The General Optical Council (GOC) has published its Registrant Workforce and Perceptions Survey 2023, which found that high numbers of optical professionals are experiencing bullying, harassment, abuse, or discrimination in the workplace.

41% of respondents to the annual survey reported having experienced harassment, bullying, or abuse at work from patients and service users, their relatives, or other members of the public in the last 12 months. 18% reported having experienced harassment, bullying, or abuse from managers, and 16% had experienced this treatment from other colleagues. Concerningly, only 29% of respondents said that they or a colleague had reported the experience.

24% of respondents to the survey said they had experienced discrimination from patients and service users, their relatives, or members of the public. The most common form of discrimination was racial (44%), followed by sex and age-based discrimination (both 32%).

Across all questions on harassment, bullying, abuse, or discrimination, respondents aged under 35 and those with a disability were significantly more likely to have experienced negative treatment in the workplace.

The survey also found high levels of burnout, stress, and disillusionment with about one in seven registrants thinking of leaving the profession in the next two years – repeating last year’s results.

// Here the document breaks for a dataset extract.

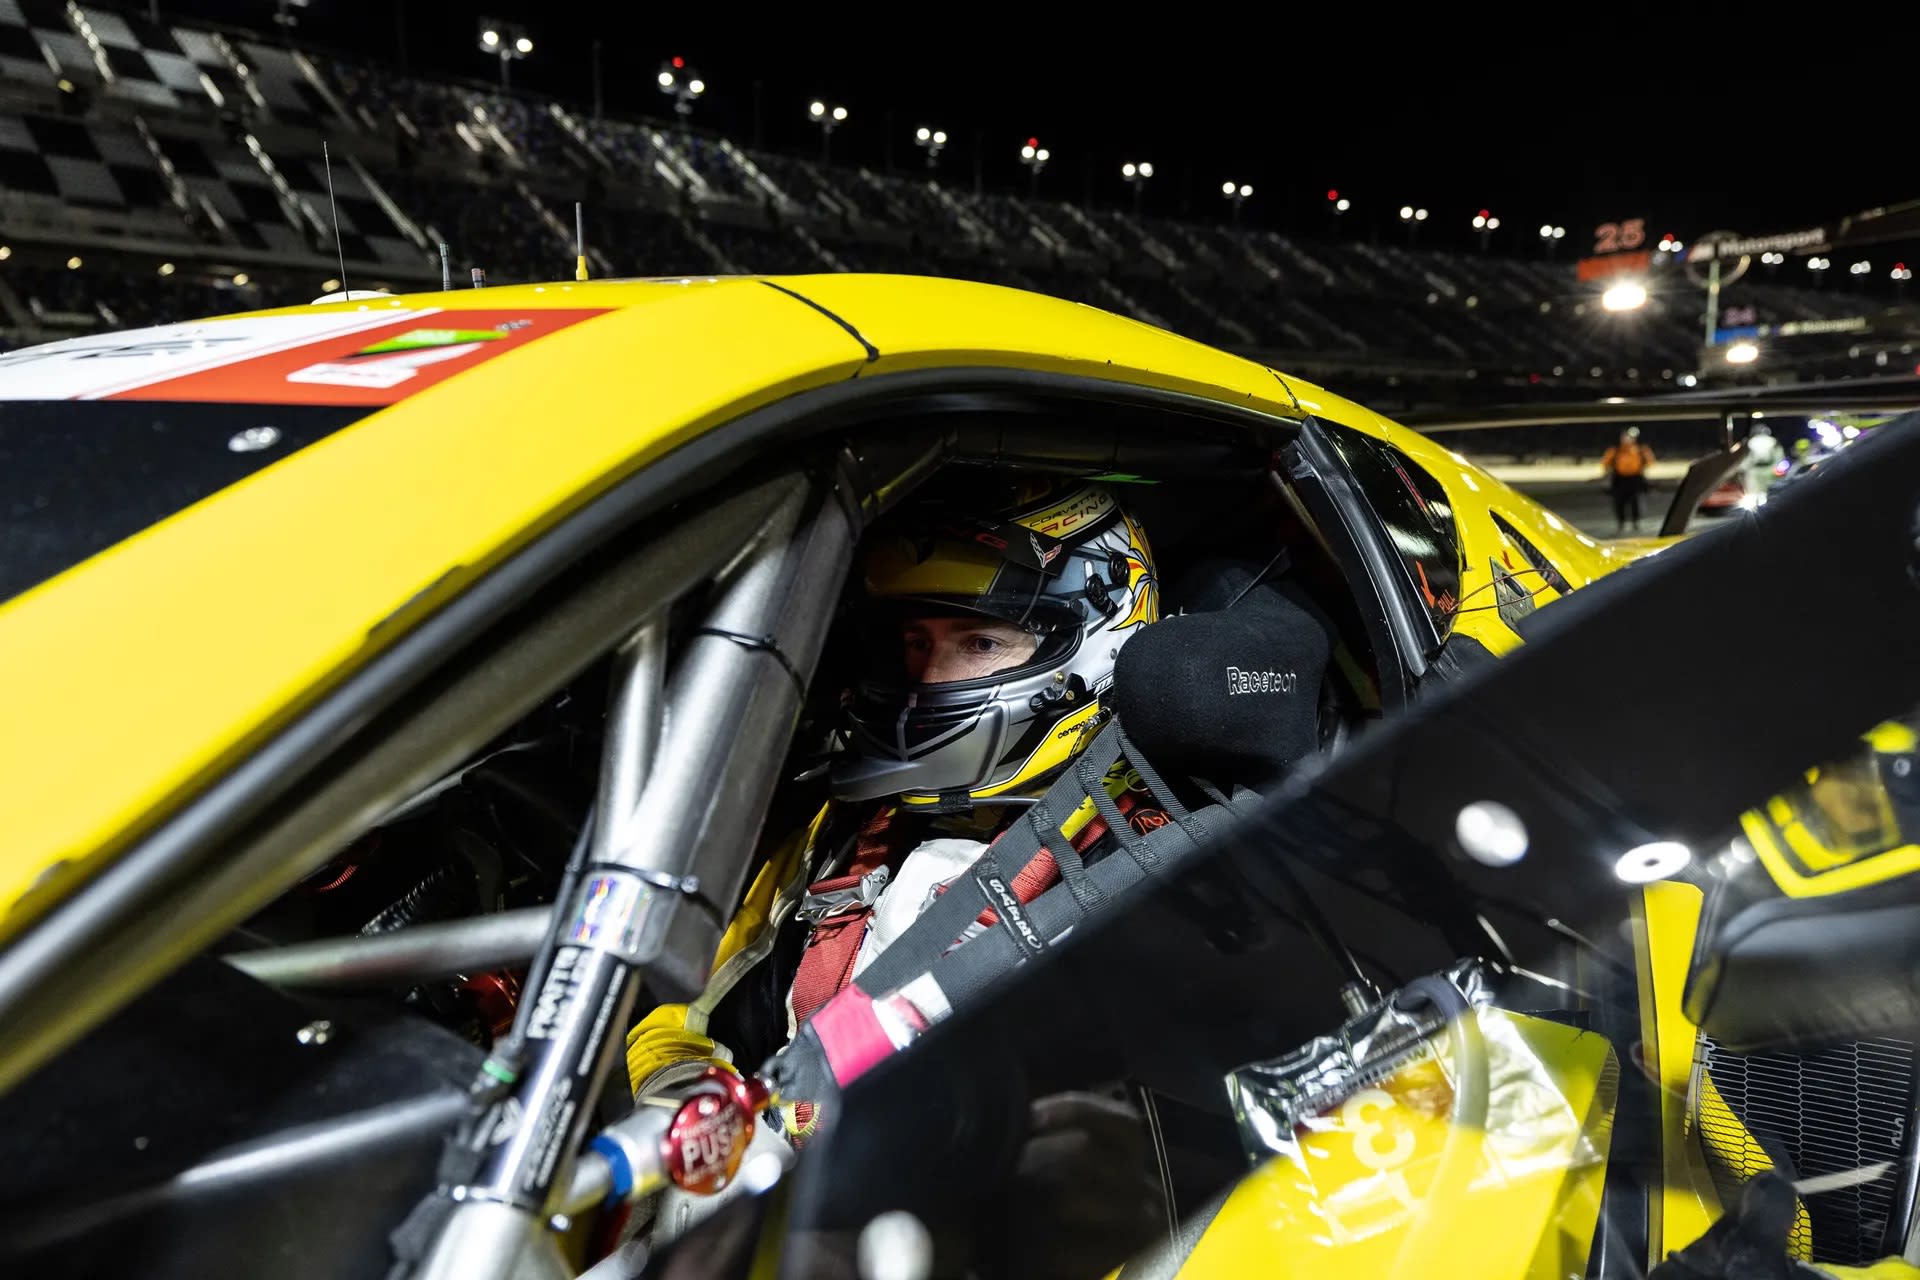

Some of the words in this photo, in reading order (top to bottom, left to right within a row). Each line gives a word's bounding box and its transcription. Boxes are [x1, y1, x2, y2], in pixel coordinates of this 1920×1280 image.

[1595, 218, 1646, 253] 25
[1029, 491, 1098, 528] CORVETTE
[1437, 589, 1456, 615] PULL
[1226, 666, 1297, 696] Racetech

Despite this, overall satisfaction levels among respondents have remained stable. 62% of respondents were satisfied with their role or job over the last 12 months – the same figure as in 2022. 20% felt dissatisfied, down from 21% last year.

Rewarding and interesting work, a good working environment, and a good work-life balance were key drivers for job satisfaction. Student dispensing opticians, those working in a hospital or in education/academia, and those working full time all reported higher levels of satisfaction.

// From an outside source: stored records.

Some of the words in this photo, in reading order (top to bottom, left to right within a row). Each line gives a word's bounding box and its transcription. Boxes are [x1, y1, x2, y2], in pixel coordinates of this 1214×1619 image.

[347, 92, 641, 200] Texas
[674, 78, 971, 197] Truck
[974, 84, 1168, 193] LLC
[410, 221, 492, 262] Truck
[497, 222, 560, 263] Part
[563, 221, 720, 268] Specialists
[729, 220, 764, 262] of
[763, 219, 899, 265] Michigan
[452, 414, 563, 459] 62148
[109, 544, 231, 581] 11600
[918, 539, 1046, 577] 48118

The main reasons for dissatisfaction were not feeling valued, heavy workloads, and poor salaries. Workload pressures remain significant. 52% of respondents reported working beyond their hours and 37% felt unable to cope with their workload. These results are lower than in the 2022 survey (57% and 41%, respectively), but similar to the 2021 findings.

The survey was conducted by Enventure Research. 57% of its respondents were in optometrist roles, 23% in dispensing optician roles, and 20% were student optometrists or dispensing opticians.

Steve Brooker, GOC Director of Regulatory Strategy, said:

“Our public perceptions survey 2023 showed high levels of patient satisfaction and confidence in the optical professions, but, sadly, this is not matched in the experiences of our registrants.

While it is positive to see that overall job satisfaction has remained stable in the past year, the significant and largely unreported levels of bullying, harassment, and abuse in the workplace are deeply concerning. It is critical for public protection and patient care that registrants can work in supportive environments without fear of abuse.

If unhealthy workplace cultures and disillusionment are forcing registrants out of the profession, this will add to workforce shortages and ultimately frustrate the sector’s ambitions to deliver more enhanced clinical eye care services in the community.

We are reviewing our standards of practice and will carefully consider any necessary changes that would support registrants by improving workplace cultures.

This is a shared problem that needs to be met with a sector-wide coordinated effort. To this end, we will convene a meeting of sector leaders and experts to discuss these issues and plot the most effective steps in addressing them.”

The GOC already provides guidance for registrants on speaking up when patient or public safety may be at risk.